What does a change in temperature taste like? According to a study by Yale investigators, the same salty, sweet or sour tastes that are normally caused by food, drink and other chemical substances on the tongue.

“We’ve discovered that specific tastes can be produced by temperature stimulation, just as certain chemicals can evoke only certain taste qualities,” said Barry G. Green, Ph.D., professor of surgery in the section of otolaryngology and a fellow of the John B. Pierce Laboratory, who directed the study. The paper, which was published in the February 24 issue of Nature, is the first to show how the brain interprets thermal stimulation of the tongue. The investigators cooled and warmed various areas of the tongue under precisely controlled conditions to study what taste sensations subjects experienced.
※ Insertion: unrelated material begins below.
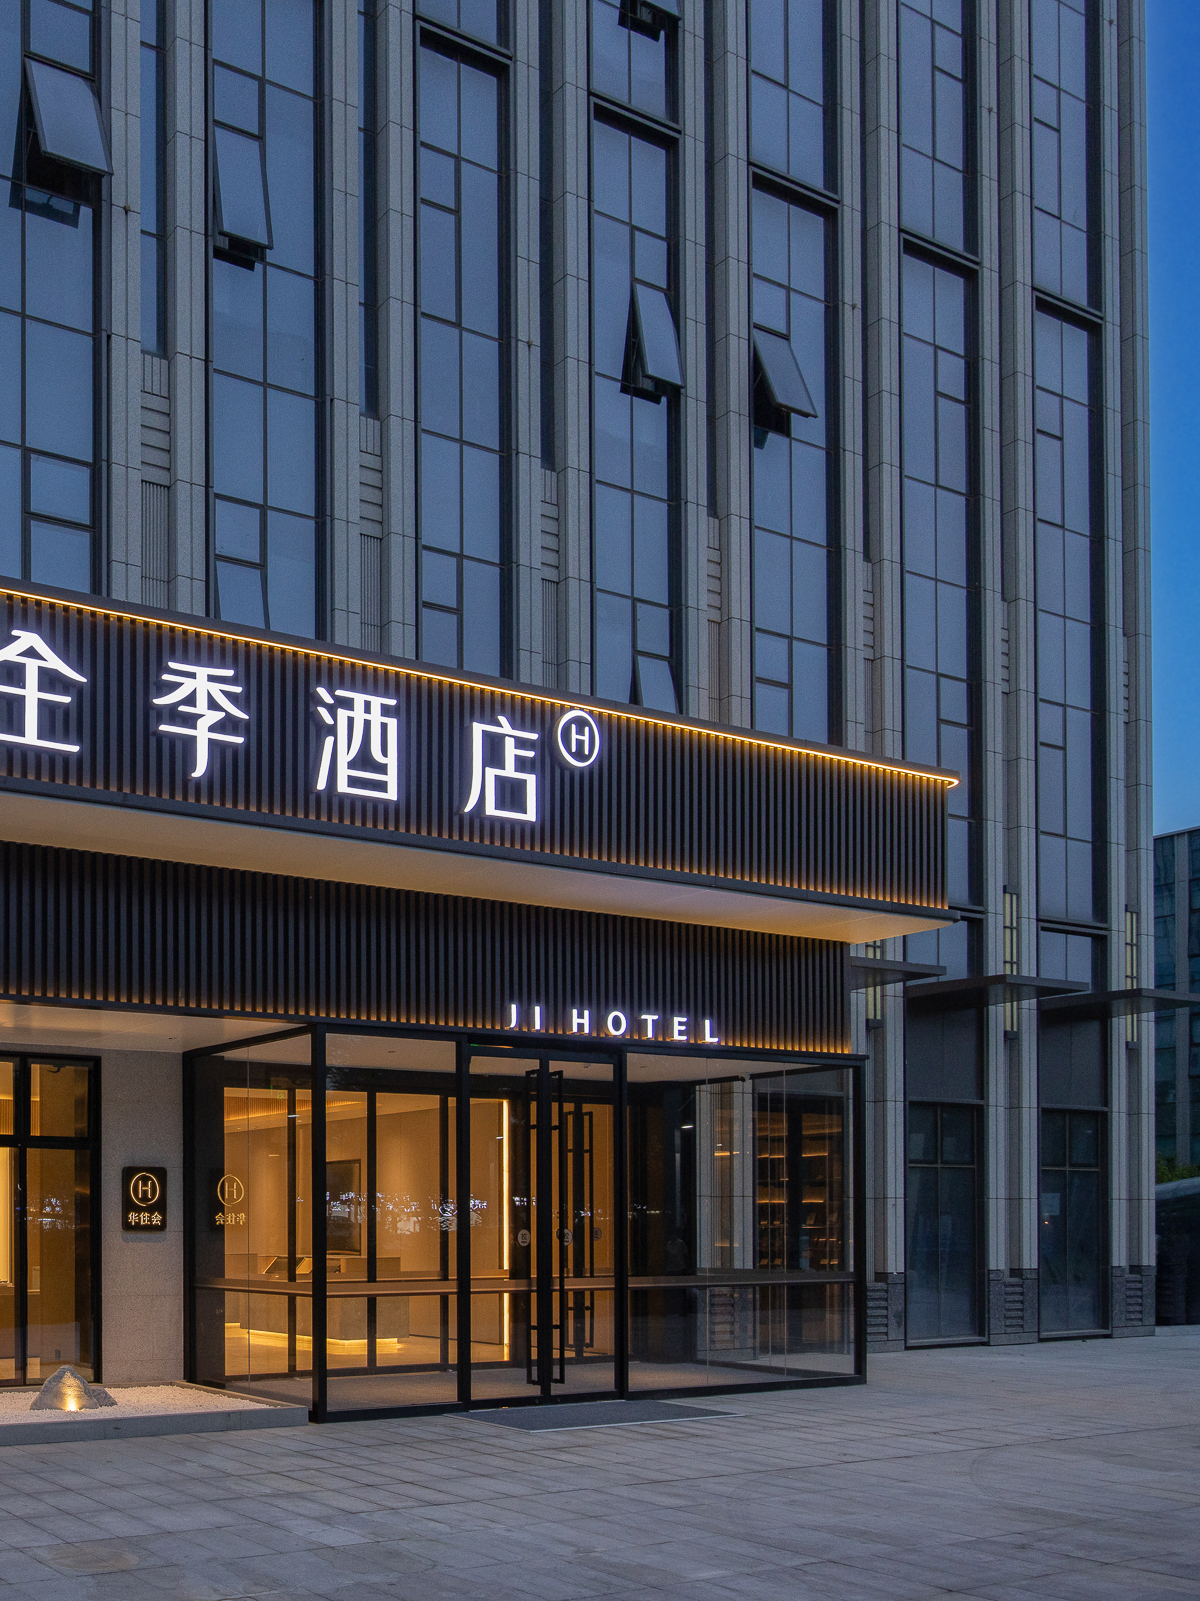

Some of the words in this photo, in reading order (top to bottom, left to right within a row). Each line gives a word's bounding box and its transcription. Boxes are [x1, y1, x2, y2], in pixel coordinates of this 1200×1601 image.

[509, 1003, 541, 1030] JI
[572, 1008, 719, 1043] HOTEL
[128, 1211, 162, 1226] 华住会
Individuals perceived “thermal taste,” as it is called, differently on different parts of the tongue. Warming the front of the tongue induced sweetness and cooling it produced a salty or sour taste, while chilling the back of the tongue created a sour or bitter sensation. However, not everyone experiences thermal taste and the exact temperature conditions needed to produce it are rarely encountered in daily life.

The close relationship between temperature and taste qualities suggests that receptors in the tongue that respond to chemicals have certain properties that make them vulnerable to specific kinds of temperature change. This information may provide clues to understanding the nature of these receptor processes, as well as potential therapies for when they go awry.